### [Task to carry out]
Could all of the entries be written out exactly, with any pictures omitted?

[Saved entries]

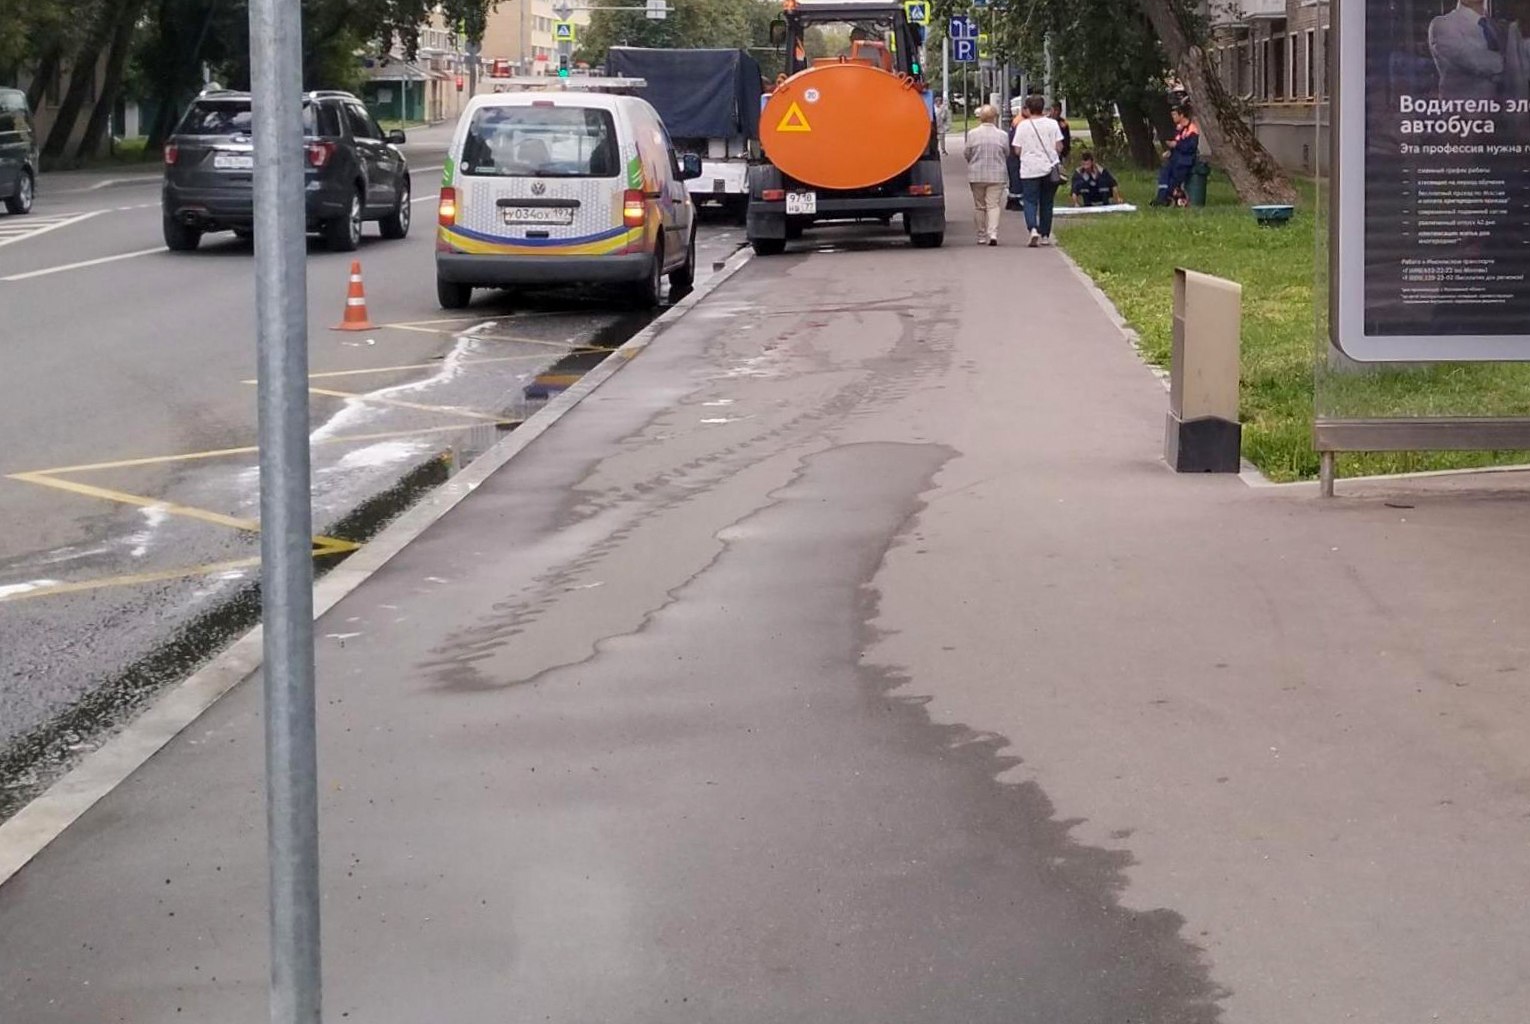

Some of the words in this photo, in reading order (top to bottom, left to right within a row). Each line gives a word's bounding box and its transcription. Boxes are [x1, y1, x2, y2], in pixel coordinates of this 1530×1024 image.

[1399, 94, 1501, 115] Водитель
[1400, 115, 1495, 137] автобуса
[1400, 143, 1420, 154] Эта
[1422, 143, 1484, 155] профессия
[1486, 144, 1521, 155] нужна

### [Result of this exercise]
Some of the words in this photo, in reading order (top to bottom, left to right within a row). Each line gives a word's bounding box and its transcription. Boxes are [x1, y1, x2, y2], in pixel coordinates of this 1530×1024 image.

[1399, 94, 1501, 115] Водитель
[1400, 115, 1495, 137] автобуса
[1400, 143, 1420, 154] Эта
[1422, 143, 1484, 155] профессия
[1486, 144, 1521, 155] нужна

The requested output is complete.